Less well studied, but perhaps not less relevant, is the role of hypercoagulation as a cause of ischemic stroke. It seems that an increased clotting propensity is associated with an increased risk of ischemic stroke, especially in the young in which a third of main causes of the stroke goes undetermined. Perhaps hypercoagulability plays a much more prominent role then we traditionally assume?

But this ‘one case, one cause’ approach takes Virchow’s efforts to classify thrombosis a bit too strictly. Many diseases can be called multi-causal, which means that no single risk factor in itself is sufficient and only a combination of risk factors working in concert cause the disease. This is certainly true for stroke, and translates to the idea that each different stroke subtype might be the result of a different combination of risk factors.

If we combine Virchow’s work with the idea of multi-causality, and the heterogeneity of stroke subtypes, we can reimagine a new version of Virchow’s Triad (figure 1). In this version, the patient groups or even individuals are scored according to the relative contribution of the three classical categories.

From this figure, one can see that some subtypes of ischemic stroke might be more like some forms of venous thrombosis than other forms of stroke, a concept that could bring new ideas for research and perhaps has consequences for stroke treatment and care.

Figure 1. An example of a gradual classification of ischemic stroke and venous thrombosis according to the three elements of Virchow’s triad.

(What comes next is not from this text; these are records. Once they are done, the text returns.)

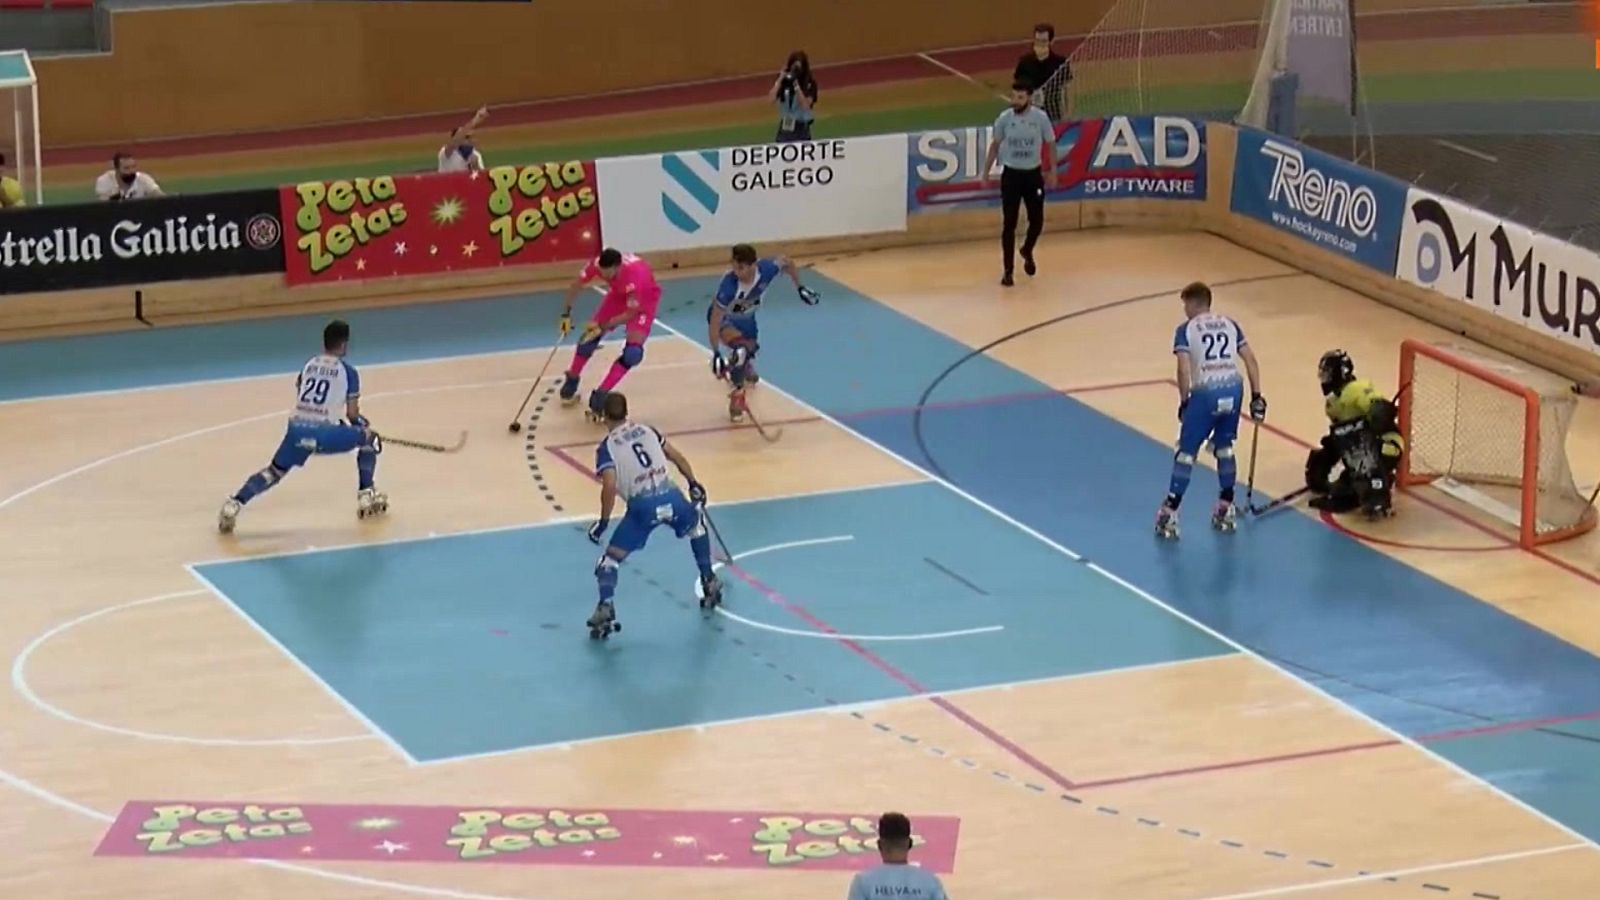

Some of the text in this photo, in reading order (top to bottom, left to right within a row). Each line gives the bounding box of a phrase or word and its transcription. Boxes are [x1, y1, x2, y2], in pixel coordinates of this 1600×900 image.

[732, 140, 846, 167] DEPORTE
[488, 160, 586, 215] Peta
[731, 166, 834, 191] GALEGO
[1084, 177, 1194, 193] SOFTWARE
[1260, 139, 1377, 237] Reno
[296, 175, 397, 232] Peta
[490, 186, 595, 255] Zetas
[0, 213, 241, 267] trella Galicia
[298, 202, 407, 273] Zetas
[1202, 332, 1231, 360] 22
[301, 377, 330, 405] 29
[632, 442, 652, 468] 6
[143, 804, 303, 832] Peta
[451, 810, 610, 836] Peta
[754, 816, 877, 842] Pet
[136, 822, 313, 852] Zetas
[446, 827, 621, 859] Zetas
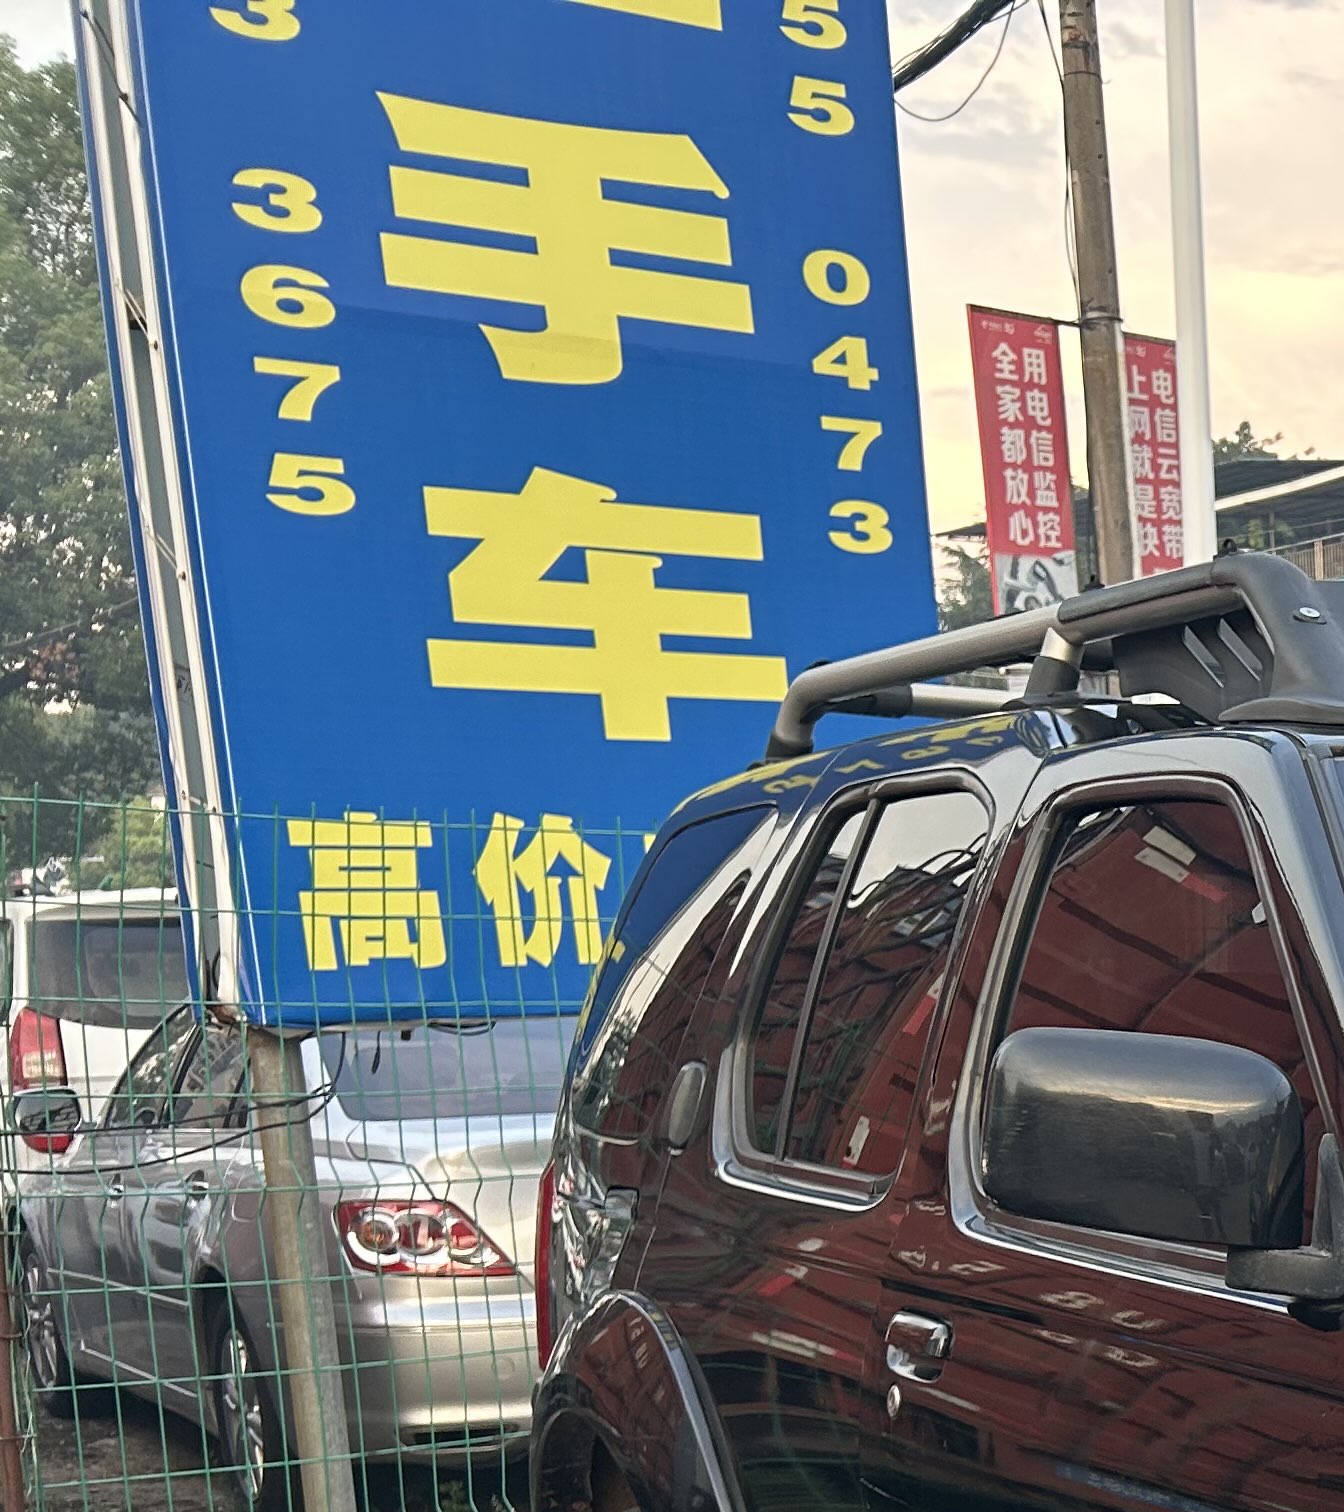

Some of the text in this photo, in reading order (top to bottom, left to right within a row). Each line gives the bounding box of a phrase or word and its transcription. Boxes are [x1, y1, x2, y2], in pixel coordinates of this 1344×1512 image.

[231, 168, 357, 517] 3675
[803, 249, 893, 555] 0473
[991, 342, 1035, 547] 全家都放心
[1021, 346, 1063, 549] 用电信监控
[287, 812, 657, 972] 高价
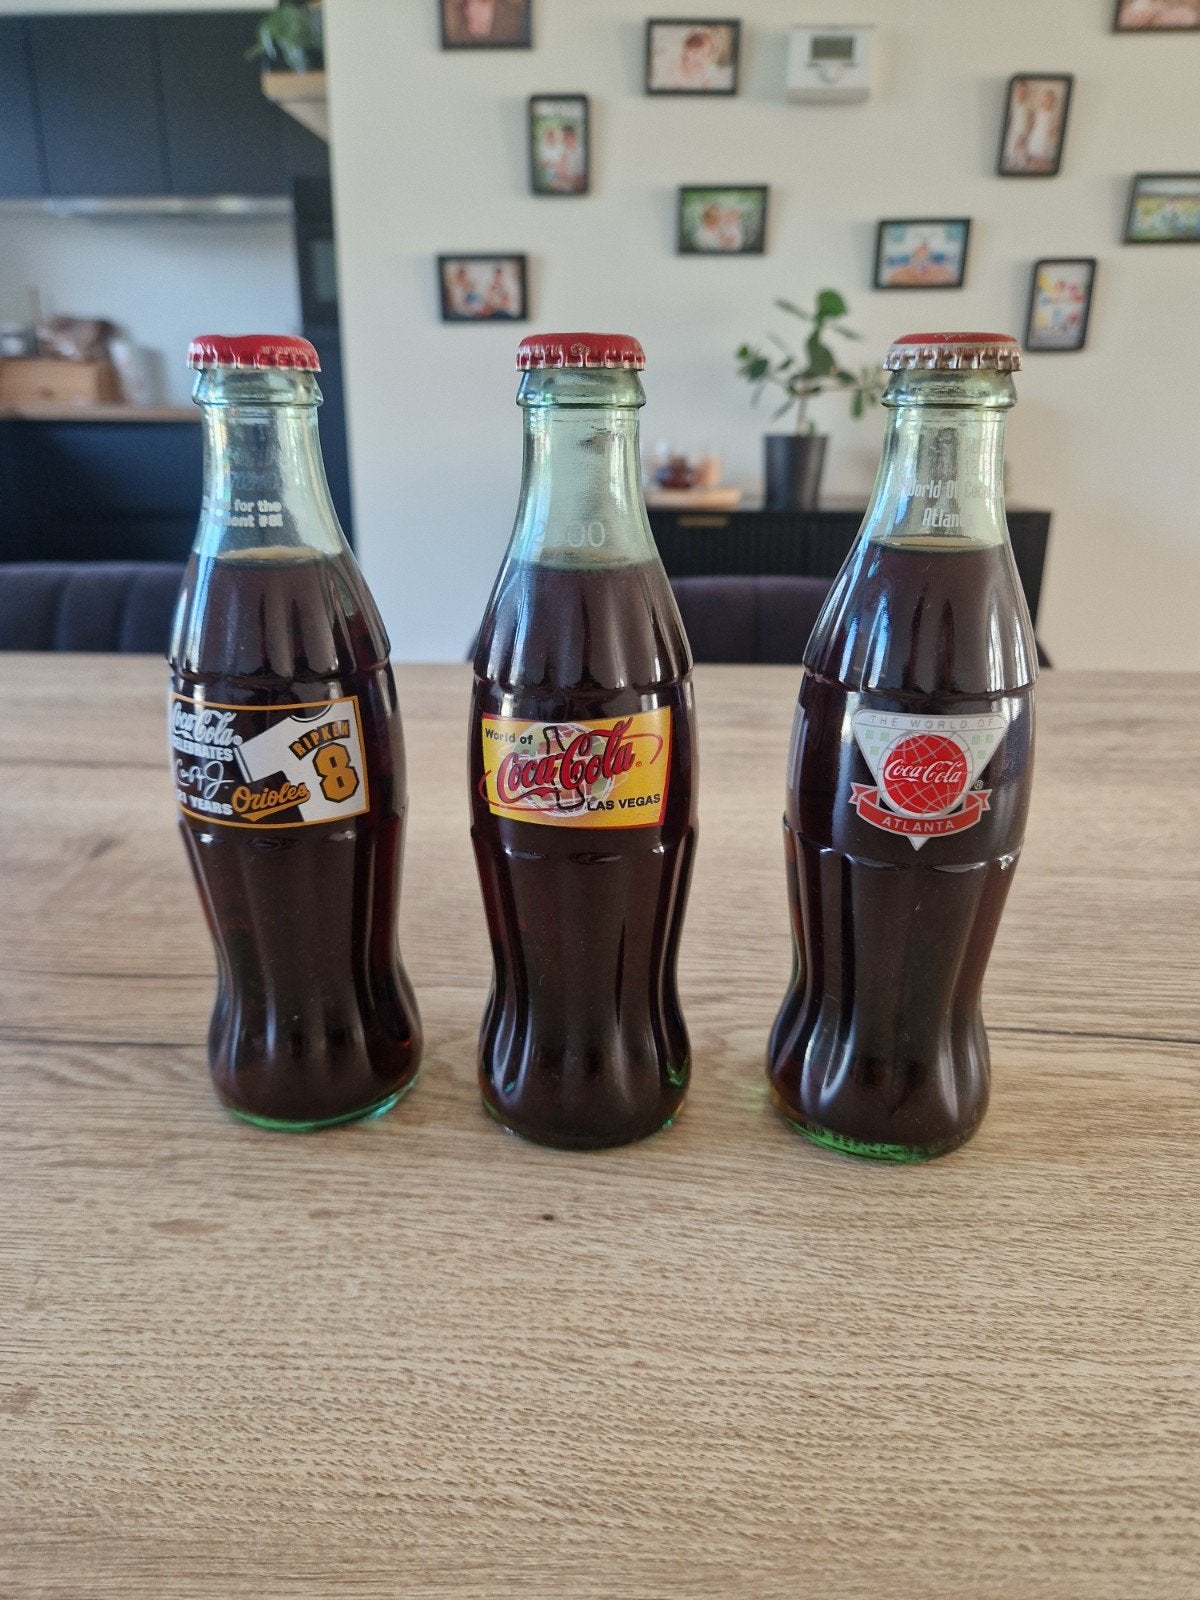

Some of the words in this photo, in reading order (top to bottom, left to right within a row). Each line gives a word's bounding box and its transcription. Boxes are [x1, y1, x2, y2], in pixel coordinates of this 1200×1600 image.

[234, 499, 255, 512] for
[257, 500, 282, 512] the
[922, 507, 970, 528] Atlan
[173, 701, 237, 747] Coca-Cola
[871, 715, 899, 727] THE
[910, 719, 968, 730] WORLD
[977, 718, 995, 728] OF
[289, 720, 351, 760] RIPKEN
[485, 728, 516, 744] World
[520, 734, 535, 746] of
[496, 717, 637, 804] Coca-Cola
[884, 758, 966, 785] Coca-Cola
[312, 742, 360, 804] 8
[189, 794, 234, 816] YEARS
[230, 782, 311, 816] Orioles
[586, 799, 615, 812] LAS
[618, 793, 661, 809] VEGAS
[881, 815, 956, 833] ATLANTA

However, recent developments in the field of stroke treatment and care have been focused on the acute treatment of ischemic stroke. Stroke ambulances that can discriminate between hemorrhagic and ischemic stroke -information needed to start thrombolysis in the ambulance-drive the streets of Cleveland, Gothenburg, Edmonton and Berlin. Other major developments are in the field of mechanical thrombectomy, with wonderful results from many studies such as the Dutch MR CLEAN study. Even though these two new approaches save lives and prevent disability in many, they are ‘too late’ in the sense that they are reactive and do not prevent clot formation.

Therefore, in this blood clot awareness month, I hope that stroke and thrombosis researchers join forces and further develop our understanding of the causes of ischemic stroke so that we can Stop The Clot!